Les couleurs du monde végétal en 1385 nuances #Art et Botanique
Les Éditions du Chêne ont réédité dernièrement un petit bijou pour tous les amateurs de plantes et de couleurs : le « Répertoire de Couleurs pour aider à la détermination des couleurs des Fleurs, des Feuillages et des Fruits », ouvrage initialement publié par la Société Française des Chrysanthémistes en 1905 (les Chrysanthèmes étaient alors très en vogue). C’est même plus qu’une simple réédition, on pourrait parler de « résurrection » dans la mesure où des encres spéciales ont été utilisées « pour restituer l’éclat et la subtilité des teintes d’origine ». Qu’on en juge avec cet exemple qui nous emmène dans les rouges de la Fritillaire, de la Jacinthe de Hollande L’espérance, de la Corydale solide, du Topinambour, de la Rose de Noël :
Il y a dans les descriptions des gammes colorées une précision vertigineuse. On imagine, comme le dit dans sa préface Patrice SALSA, « les membres de la Société française des Chrysanthémistes en sévères habits noirs consacrant une énergie patiente et méticuleuse à la réalisation d’un répertoire de couleurs ». Ce répertoire peut paraître bien futile, mais pour les amateurs de plantes et de couleurs, c’est un vrai régal !
Voilà donc un livre à conserver à portée de main sur la table de chevet, car il fait rêver, et à emporter lors des excursions botaniques, car il permet une autre approche des plantes, une approche attentive à la recherche des plus infimes détails de leur coloris.
Ce souci de la juste couleur semble s’être quelque peu perdu de nos jours. Paul-François BARBAULT-ROYER était employé au ministère des Relations Extérieurs sous le Directoire et fut envoyé en mission dans le Nord de la France. Il rédigea un compte-rendu, le « Voyage dans les départements du Nord, de la Lys, de l’Escaut pendant les années VII et VIII » (publié en 1800). Arrivé à Lille, il remarque que « les amateurs de Lille donnent un soin étudié à la culture des fleurs ; l’on compte près de vingt-deux sortes d’œillets, dont ils ont su varier la parure ; les plus curieux sont :
Le beau-cramoisi, dont le blanc dont il est lavé le pourrait disputer au blanc de neige.
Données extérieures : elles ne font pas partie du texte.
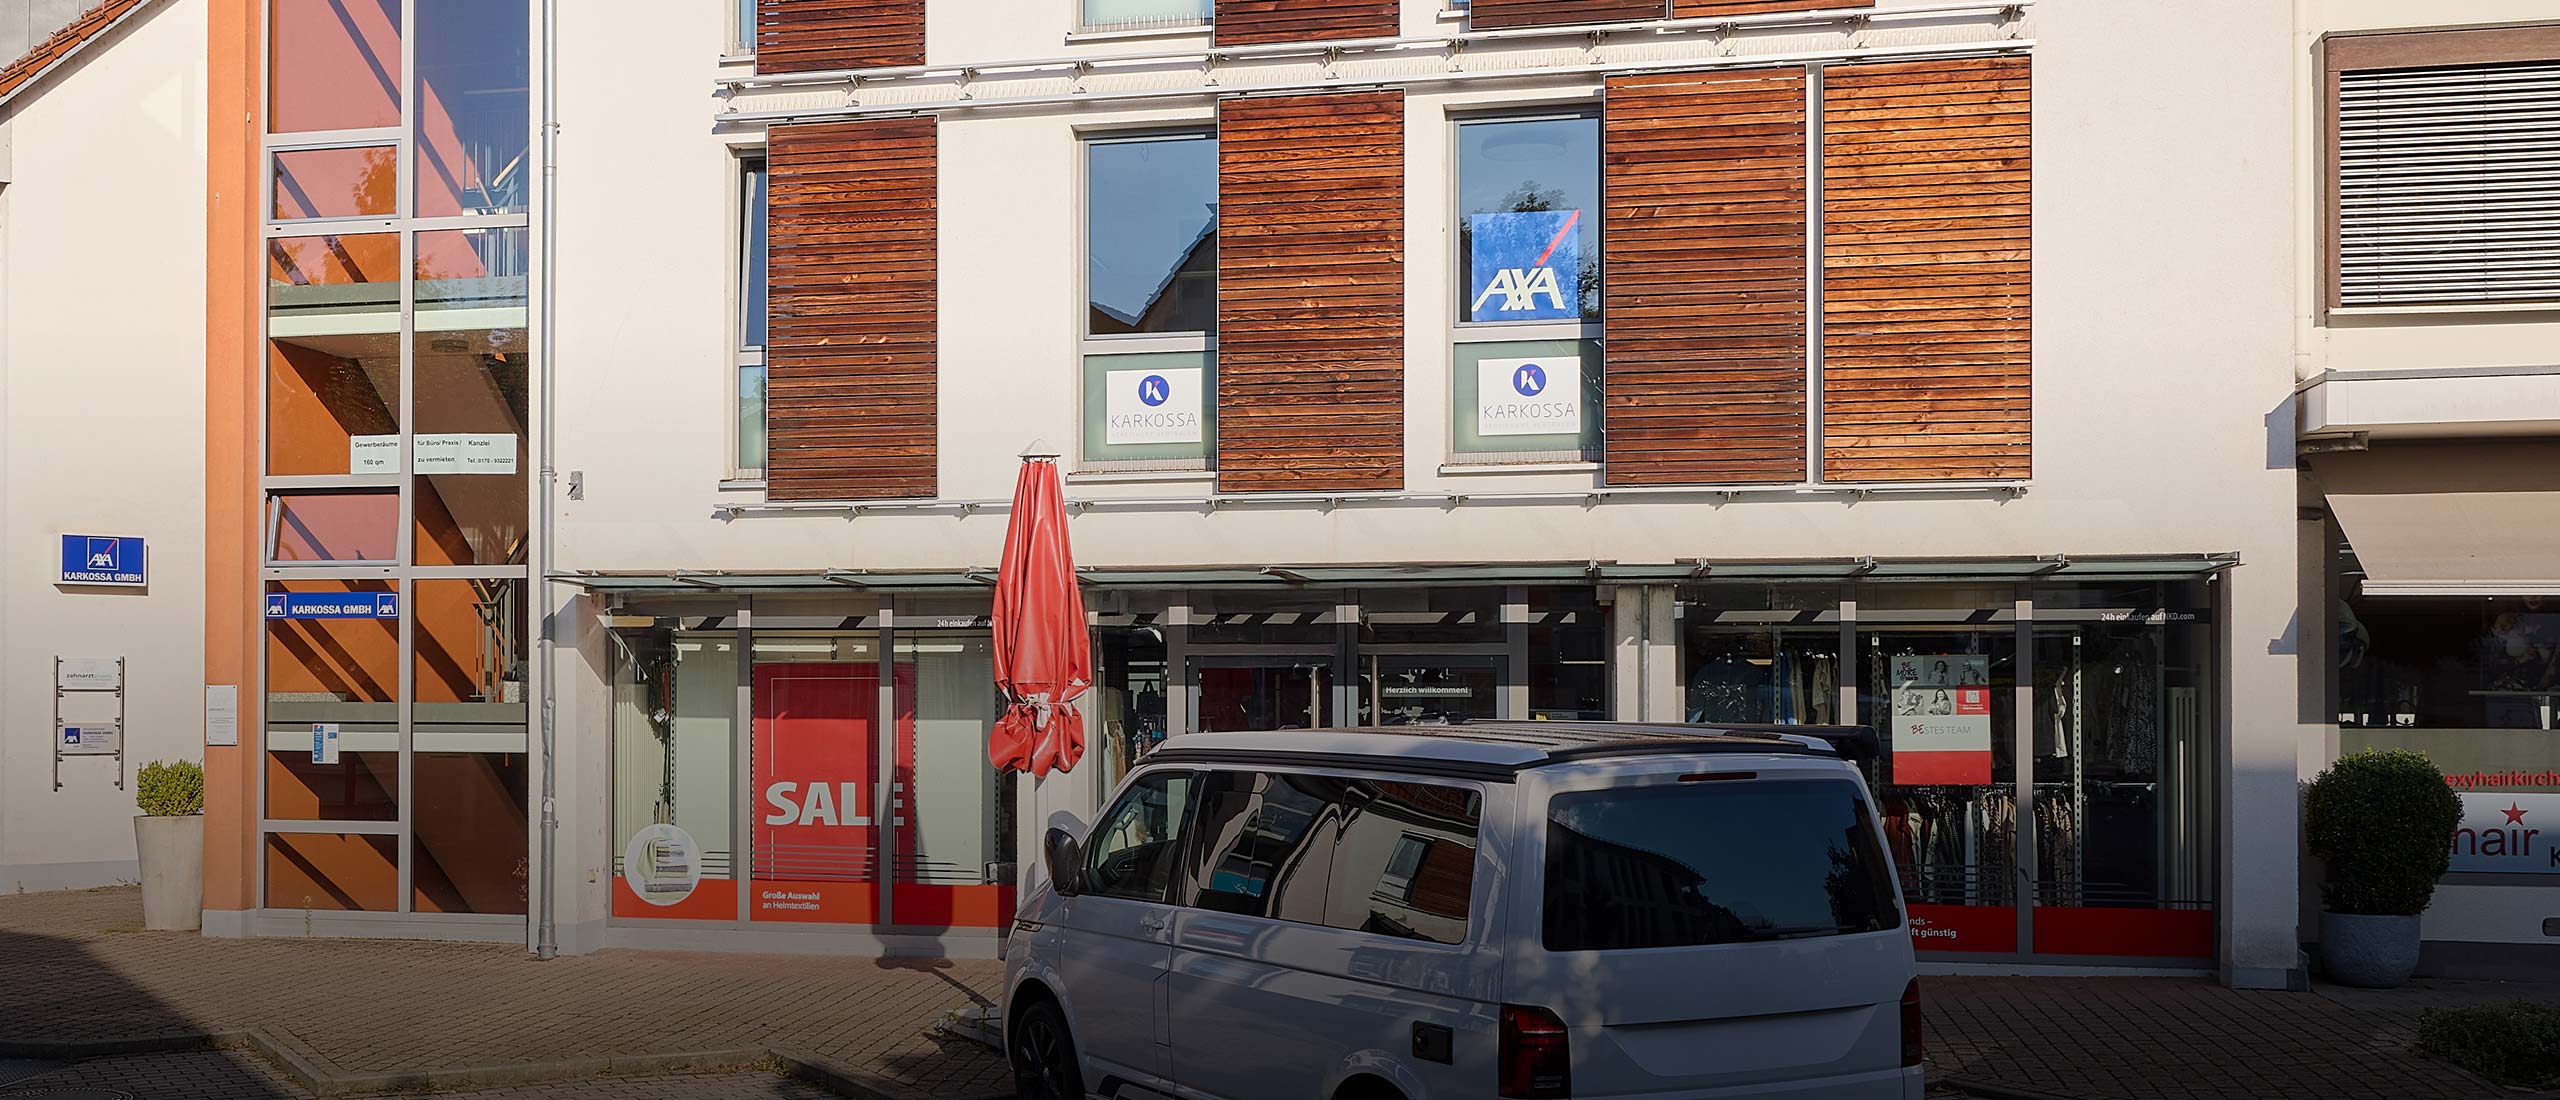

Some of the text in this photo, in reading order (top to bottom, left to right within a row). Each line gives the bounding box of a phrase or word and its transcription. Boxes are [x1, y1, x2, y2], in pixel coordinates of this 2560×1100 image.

[1472, 267, 1566, 311] AXA
[1484, 403, 1575, 419] KARKOSSA
[1111, 412, 1197, 428] KARKOSSA
[88, 553, 113, 566] AXA
[64, 572, 141, 582] KARKOSSA GMBH
[267, 605, 283, 614] AXA
[291, 605, 372, 614] KARKOSSA GMBH
[379, 604, 395, 613] AXA
[1947, 726, 1971, 734] TEAM
[2444, 769, 2560, 790] exyhairkirch
[766, 782, 905, 826] SALE
[2453, 822, 2540, 856] hair
[762, 891, 820, 901] Große Auswahl
[772, 902, 820, 910] Heimtextilien
[1909, 917, 1926, 925] nds
[1911, 928, 1957, 939] ft günstig
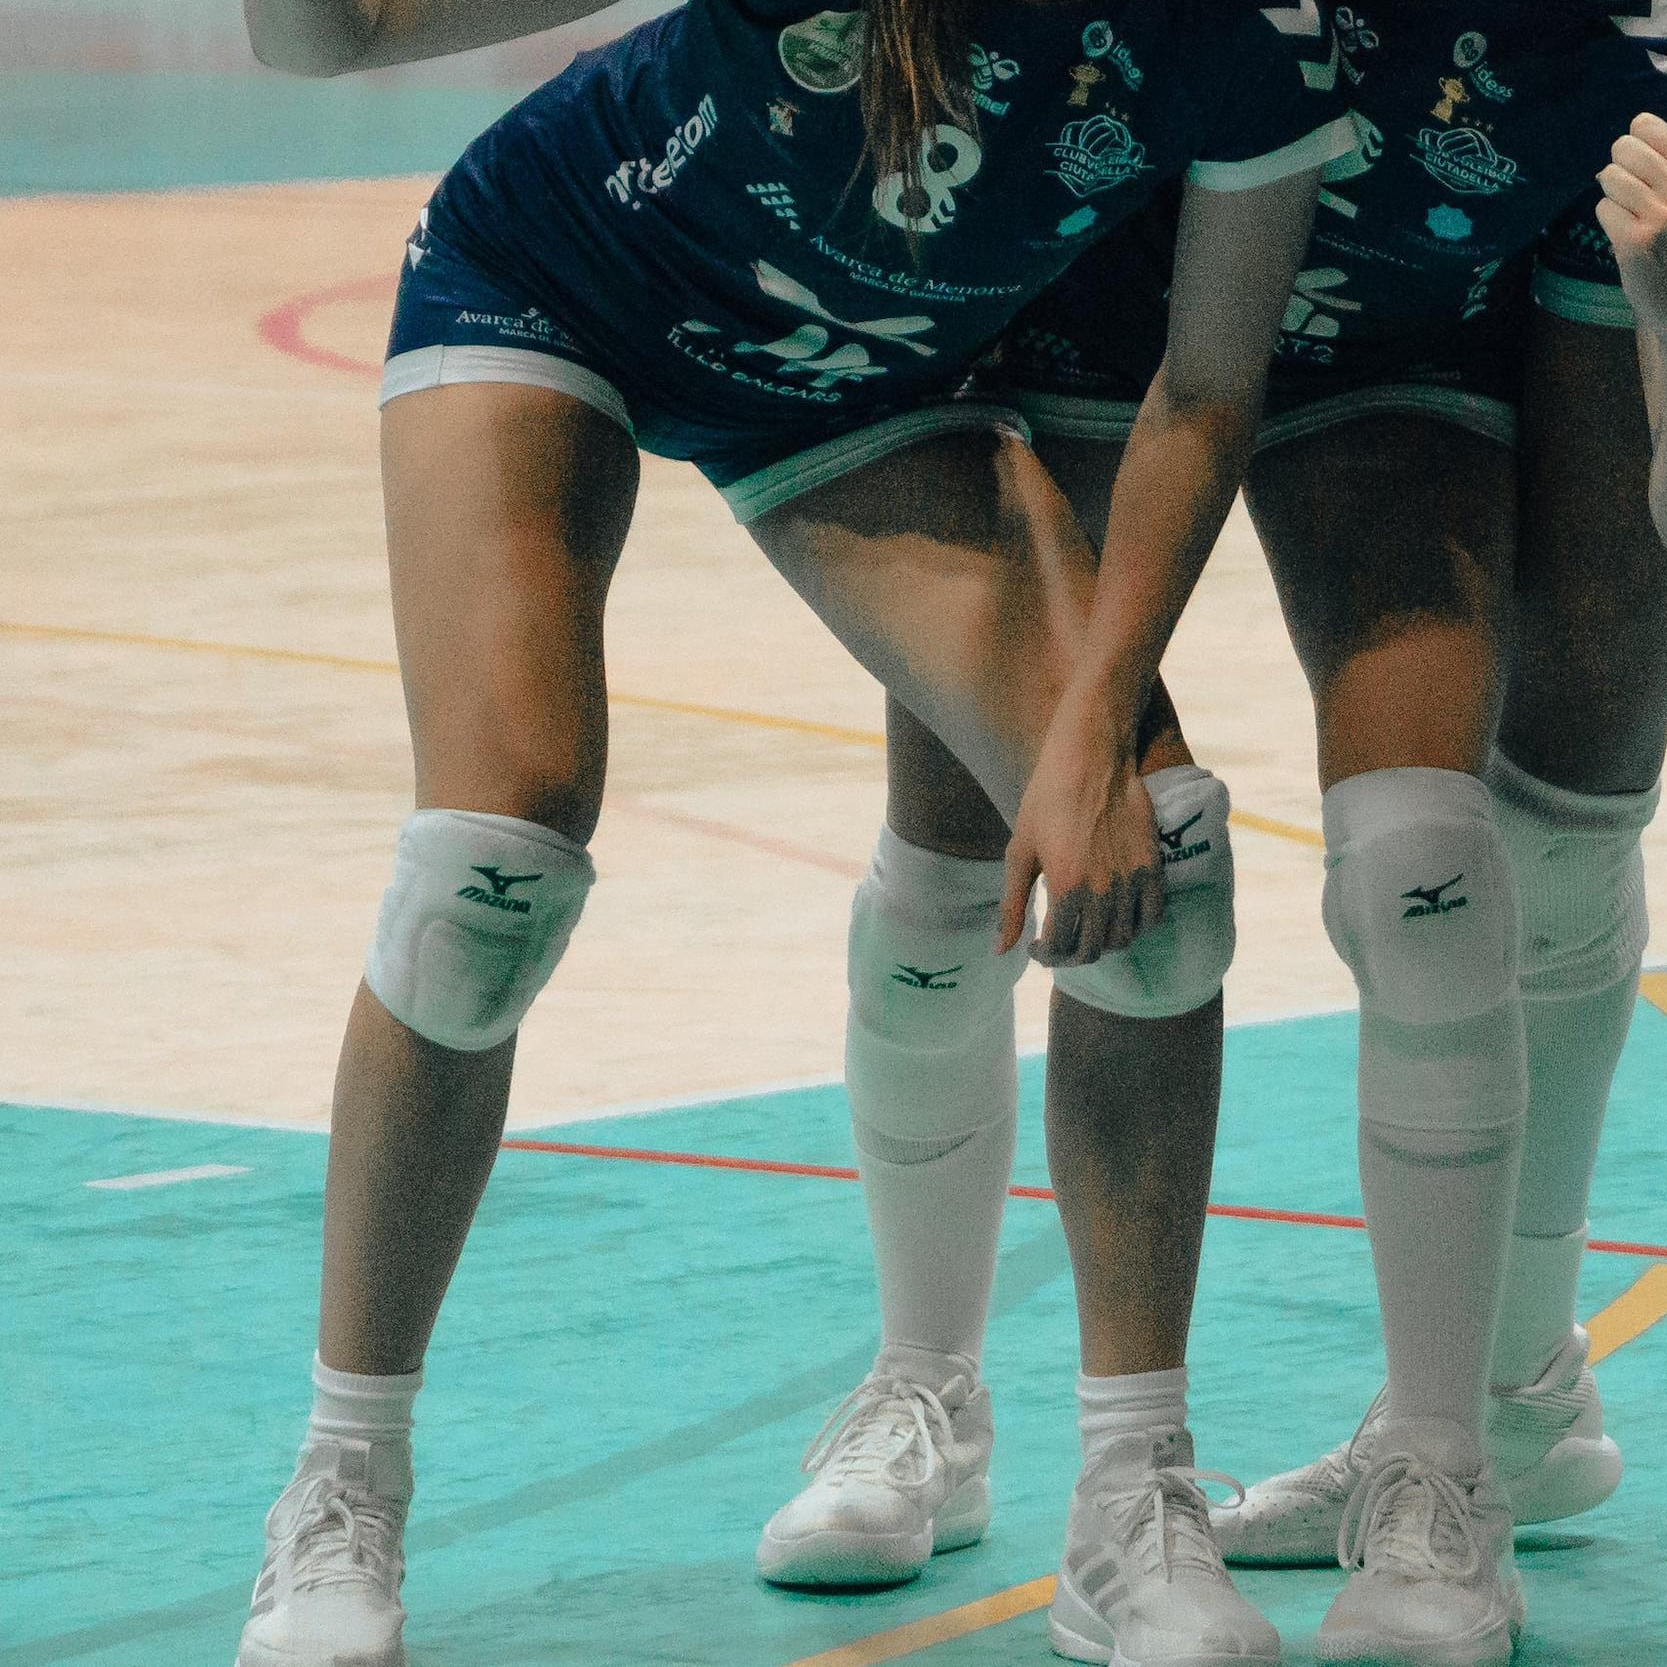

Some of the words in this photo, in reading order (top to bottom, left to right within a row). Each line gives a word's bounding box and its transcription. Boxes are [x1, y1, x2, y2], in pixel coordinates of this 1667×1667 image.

Le beau-trésor, d’un rouge brillant, qu’on nomme aussi la belle Écossaise.
L’œillet royal, très-gros, d’un blanc très-fin et régulièrement tranché.
Les Lillois ont une rose d’un rouge extrêmement foncé, et leur lys jaune est de toute beauté ».
Qui sait encore, de nos jours, parler du blanc des pétales des fleurs ou du vert des feuilles de Pissenlit ?
Le Répertoire de Couleurs comporte 244 nuances de vert !
Le Répertoire de Couleurs est paru aux Éditions du Chêne en 2021. Il compte 365 pages ; les 1385 nuances colorées sont réparties en 365 planches s’adressant « par-delà les frontières à tous les amateurs de couleurs ».
Jean-Patrice MATYSIAK
L’appel à articles « Art et Botanique » vit ses derniers jours, si vous n’avez pas encore contribué, il est encore temps jusqu’au 10 novembre 2022.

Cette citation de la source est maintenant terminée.